Output the entries verbatim, including every line.

(Source data)
[Start of Attachment]
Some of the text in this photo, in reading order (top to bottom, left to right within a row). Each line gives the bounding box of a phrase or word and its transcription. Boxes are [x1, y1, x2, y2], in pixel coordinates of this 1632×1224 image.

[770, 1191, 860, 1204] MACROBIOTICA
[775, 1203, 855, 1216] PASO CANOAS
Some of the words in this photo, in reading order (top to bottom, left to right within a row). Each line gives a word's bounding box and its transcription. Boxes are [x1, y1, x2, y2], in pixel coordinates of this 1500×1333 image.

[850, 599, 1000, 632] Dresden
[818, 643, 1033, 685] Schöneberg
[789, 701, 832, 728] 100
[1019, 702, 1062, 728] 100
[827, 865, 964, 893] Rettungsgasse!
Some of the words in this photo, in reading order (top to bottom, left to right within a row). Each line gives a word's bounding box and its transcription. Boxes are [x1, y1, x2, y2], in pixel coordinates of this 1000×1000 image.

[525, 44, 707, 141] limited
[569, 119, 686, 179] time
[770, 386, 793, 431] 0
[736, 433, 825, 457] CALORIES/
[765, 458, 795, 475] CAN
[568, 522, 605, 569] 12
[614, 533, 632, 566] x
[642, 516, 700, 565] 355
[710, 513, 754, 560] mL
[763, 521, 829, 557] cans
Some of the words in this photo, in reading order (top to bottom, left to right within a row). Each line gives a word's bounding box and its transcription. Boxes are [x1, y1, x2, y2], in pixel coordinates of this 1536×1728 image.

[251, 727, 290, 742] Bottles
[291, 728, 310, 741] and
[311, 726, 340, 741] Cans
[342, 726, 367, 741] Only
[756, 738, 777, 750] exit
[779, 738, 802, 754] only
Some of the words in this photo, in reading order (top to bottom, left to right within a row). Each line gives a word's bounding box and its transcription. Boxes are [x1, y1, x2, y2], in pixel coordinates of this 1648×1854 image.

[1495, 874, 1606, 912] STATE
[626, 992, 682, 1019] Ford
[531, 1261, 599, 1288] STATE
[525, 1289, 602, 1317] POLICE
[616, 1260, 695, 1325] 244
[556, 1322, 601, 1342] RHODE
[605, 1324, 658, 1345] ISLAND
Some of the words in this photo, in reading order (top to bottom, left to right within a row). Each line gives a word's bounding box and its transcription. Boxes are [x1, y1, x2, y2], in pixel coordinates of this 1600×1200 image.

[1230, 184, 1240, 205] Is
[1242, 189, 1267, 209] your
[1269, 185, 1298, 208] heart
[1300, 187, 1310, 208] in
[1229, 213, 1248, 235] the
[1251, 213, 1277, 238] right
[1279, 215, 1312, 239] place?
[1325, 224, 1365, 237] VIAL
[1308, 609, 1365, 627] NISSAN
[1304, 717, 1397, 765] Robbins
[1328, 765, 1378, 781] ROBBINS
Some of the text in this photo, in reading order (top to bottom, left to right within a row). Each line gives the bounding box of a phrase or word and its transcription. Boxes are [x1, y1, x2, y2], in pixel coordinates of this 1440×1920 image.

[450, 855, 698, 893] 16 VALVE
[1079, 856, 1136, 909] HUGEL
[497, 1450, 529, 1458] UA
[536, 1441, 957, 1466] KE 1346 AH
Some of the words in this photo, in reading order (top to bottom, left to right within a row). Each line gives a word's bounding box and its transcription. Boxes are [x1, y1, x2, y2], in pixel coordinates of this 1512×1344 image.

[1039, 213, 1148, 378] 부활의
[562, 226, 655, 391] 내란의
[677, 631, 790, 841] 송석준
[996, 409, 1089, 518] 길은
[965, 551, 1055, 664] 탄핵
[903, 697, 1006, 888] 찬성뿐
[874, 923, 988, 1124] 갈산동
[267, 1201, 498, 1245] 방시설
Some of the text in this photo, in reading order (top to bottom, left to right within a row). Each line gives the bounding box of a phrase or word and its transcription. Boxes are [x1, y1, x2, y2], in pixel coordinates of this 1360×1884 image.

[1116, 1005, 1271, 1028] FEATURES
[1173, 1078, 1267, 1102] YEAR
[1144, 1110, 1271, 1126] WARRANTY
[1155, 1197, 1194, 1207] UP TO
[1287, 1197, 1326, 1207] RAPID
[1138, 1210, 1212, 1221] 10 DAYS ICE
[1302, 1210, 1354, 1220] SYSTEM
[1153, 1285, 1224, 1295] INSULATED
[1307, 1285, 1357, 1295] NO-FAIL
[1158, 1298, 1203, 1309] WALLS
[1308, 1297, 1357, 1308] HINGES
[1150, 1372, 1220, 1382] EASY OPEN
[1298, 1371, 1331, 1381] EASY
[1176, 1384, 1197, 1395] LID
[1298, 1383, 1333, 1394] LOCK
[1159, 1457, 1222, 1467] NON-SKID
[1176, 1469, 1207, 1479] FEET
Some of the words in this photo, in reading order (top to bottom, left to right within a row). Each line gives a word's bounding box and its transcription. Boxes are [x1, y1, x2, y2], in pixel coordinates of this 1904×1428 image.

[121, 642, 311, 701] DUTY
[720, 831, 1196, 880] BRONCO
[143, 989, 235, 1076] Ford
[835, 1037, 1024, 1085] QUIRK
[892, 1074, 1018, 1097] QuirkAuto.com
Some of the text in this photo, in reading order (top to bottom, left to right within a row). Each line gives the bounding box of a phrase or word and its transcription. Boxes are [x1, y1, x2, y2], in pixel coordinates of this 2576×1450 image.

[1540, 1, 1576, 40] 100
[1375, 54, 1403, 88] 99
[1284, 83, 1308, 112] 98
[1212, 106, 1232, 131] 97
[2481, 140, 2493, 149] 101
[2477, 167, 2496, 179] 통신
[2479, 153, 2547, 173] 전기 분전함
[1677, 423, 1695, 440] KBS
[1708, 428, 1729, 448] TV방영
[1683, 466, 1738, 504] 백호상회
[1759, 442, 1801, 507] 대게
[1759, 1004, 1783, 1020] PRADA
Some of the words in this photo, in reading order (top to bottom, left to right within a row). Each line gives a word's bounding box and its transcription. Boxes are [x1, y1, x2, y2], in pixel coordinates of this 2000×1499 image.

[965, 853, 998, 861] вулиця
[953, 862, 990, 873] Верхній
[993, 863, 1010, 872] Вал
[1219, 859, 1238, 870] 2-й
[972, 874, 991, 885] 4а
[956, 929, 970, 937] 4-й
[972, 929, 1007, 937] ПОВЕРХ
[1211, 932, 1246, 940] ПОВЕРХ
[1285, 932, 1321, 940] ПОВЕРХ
[End of Attachment]
_Answer for the task_.
Some of the text in this photo, in reading order (top to bottom, left to right within a row). Each line gives the bounding box of a phrase or word and its transcription. Boxes are [x1, y1, x2, y2], in pixel coordinates of this 1632×1224 image.

[770, 1191, 860, 1204] MACROBIOTICA
[775, 1203, 855, 1216] PASO CANOAS
Some of the words in this photo, in reading order (top to bottom, left to right within a row). Each line gives a word's bounding box and its transcription. Boxes are [x1, y1, x2, y2], in pixel coordinates of this 1500×1333 image.

[850, 599, 1000, 632] Dresden
[818, 643, 1033, 685] Schöneberg
[789, 701, 832, 728] 100
[1019, 702, 1062, 728] 100
[827, 865, 964, 893] Rettungsgasse!
Some of the words in this photo, in reading order (top to bottom, left to right within a row). Each line gives a word's bounding box and its transcription. Boxes are [x1, y1, x2, y2], in pixel coordinates of this 1000×1000 image.

[525, 44, 707, 141] limited
[569, 119, 686, 179] time
[770, 386, 793, 431] 0
[736, 433, 825, 457] CALORIES/
[765, 458, 795, 475] CAN
[568, 522, 605, 569] 12
[614, 533, 632, 566] x
[642, 516, 700, 565] 355
[710, 513, 754, 560] mL
[763, 521, 829, 557] cans
Some of the words in this photo, in reading order (top to bottom, left to right within a row). Each line gives a word's bounding box and its transcription. Boxes are [x1, y1, x2, y2], in pixel coordinates of this 1536×1728 image.

[251, 727, 290, 742] Bottles
[291, 728, 310, 741] and
[311, 726, 340, 741] Cans
[342, 726, 367, 741] Only
[756, 738, 777, 750] exit
[779, 738, 802, 754] only
Some of the words in this photo, in reading order (top to bottom, left to right within a row). Each line gives a word's bounding box and its transcription. Boxes are [x1, y1, x2, y2], in pixel coordinates of this 1648×1854 image.

[1495, 874, 1606, 912] STATE
[626, 992, 682, 1019] Ford
[531, 1261, 599, 1288] STATE
[525, 1289, 602, 1317] POLICE
[616, 1260, 695, 1325] 244
[556, 1322, 601, 1342] RHODE
[605, 1324, 658, 1345] ISLAND
Some of the words in this photo, in reading order (top to bottom, left to right within a row). Each line gives a word's bounding box and its transcription. Boxes are [x1, y1, x2, y2], in pixel coordinates of this 1600×1200 image.

[1230, 184, 1240, 205] Is
[1242, 189, 1267, 209] your
[1269, 185, 1298, 208] heart
[1300, 187, 1310, 208] in
[1229, 213, 1248, 235] the
[1251, 213, 1277, 238] right
[1279, 215, 1312, 239] place?
[1325, 224, 1365, 237] VIAL
[1308, 609, 1365, 627] NISSAN
[1304, 717, 1397, 765] Robbins
[1328, 765, 1378, 781] ROBBINS
Some of the text in this photo, in reading order (top to bottom, left to right within a row). Each line gives the bounding box of a phrase or word and its transcription. Boxes are [x1, y1, x2, y2], in pixel coordinates of this 1440×1920 image.

[450, 855, 698, 893] 16 VALVE
[1079, 856, 1136, 909] HUGEL
[497, 1450, 529, 1458] UA
[536, 1441, 957, 1466] KE 1346 AH
Some of the words in this photo, in reading order (top to bottom, left to right within a row). Each line gives a word's bounding box and its transcription. Boxes are [x1, y1, x2, y2], in pixel coordinates of this 1512×1344 image.

[1039, 213, 1148, 378] 부활의
[562, 226, 655, 391] 내란의
[677, 631, 790, 841] 송석준
[996, 409, 1089, 518] 길은
[965, 551, 1055, 664] 탄핵
[903, 697, 1006, 888] 찬성뿐
[874, 923, 988, 1124] 갈산동
[267, 1201, 498, 1245] 방시설
Some of the text in this photo, in reading order (top to bottom, left to right within a row). Each line gives the bounding box of a phrase or word and its transcription. Boxes are [x1, y1, x2, y2], in pixel coordinates of this 1360×1884 image.

[1116, 1005, 1271, 1028] FEATURES
[1173, 1078, 1267, 1102] YEAR
[1144, 1110, 1271, 1126] WARRANTY
[1155, 1197, 1194, 1207] UP TO
[1287, 1197, 1326, 1207] RAPID
[1138, 1210, 1212, 1221] 10 DAYS ICE
[1302, 1210, 1354, 1220] SYSTEM
[1153, 1285, 1224, 1295] INSULATED
[1307, 1285, 1357, 1295] NO-FAIL
[1158, 1298, 1203, 1309] WALLS
[1308, 1297, 1357, 1308] HINGES
[1150, 1372, 1220, 1382] EASY OPEN
[1298, 1371, 1331, 1381] EASY
[1176, 1384, 1197, 1395] LID
[1298, 1383, 1333, 1394] LOCK
[1159, 1457, 1222, 1467] NON-SKID
[1176, 1469, 1207, 1479] FEET
Some of the words in this photo, in reading order (top to bottom, left to right within a row). Each line gives a word's bounding box and its transcription. Boxes are [x1, y1, x2, y2], in pixel coordinates of this 1904×1428 image.

[121, 642, 311, 701] DUTY
[720, 831, 1196, 880] BRONCO
[143, 989, 235, 1076] Ford
[835, 1037, 1024, 1085] QUIRK
[892, 1074, 1018, 1097] QuirkAuto.com
Some of the text in this photo, in reading order (top to bottom, left to right within a row). Each line gives the bounding box of a phrase or word and its transcription. Boxes are [x1, y1, x2, y2], in pixel coordinates of this 2576×1450 image.

[1540, 1, 1576, 40] 100
[1375, 54, 1403, 88] 99
[1284, 83, 1308, 112] 98
[1212, 106, 1232, 131] 97
[2481, 140, 2493, 149] 101
[2477, 167, 2496, 179] 통신
[2479, 153, 2547, 173] 전기 분전함
[1677, 423, 1695, 440] KBS
[1708, 428, 1729, 448] TV방영
[1683, 466, 1738, 504] 백호상회
[1759, 442, 1801, 507] 대게
[1759, 1004, 1783, 1020] PRADA
Some of the words in this photo, in reading order (top to bottom, left to right within a row). Each line gives a word's bounding box and its transcription. Boxes are [x1, y1, x2, y2], in pixel coordinates of this 2000×1499 image.

[965, 853, 998, 861] вулиця
[953, 862, 990, 873] Верхній
[993, 863, 1010, 872] Вал
[1219, 859, 1238, 870] 2-й
[972, 874, 991, 885] 4а
[956, 929, 970, 937] 4-й
[972, 929, 1007, 937] ПОВЕРХ
[1211, 932, 1246, 940] ПОВЕРХ
[1285, 932, 1321, 940] ПОВЕРХ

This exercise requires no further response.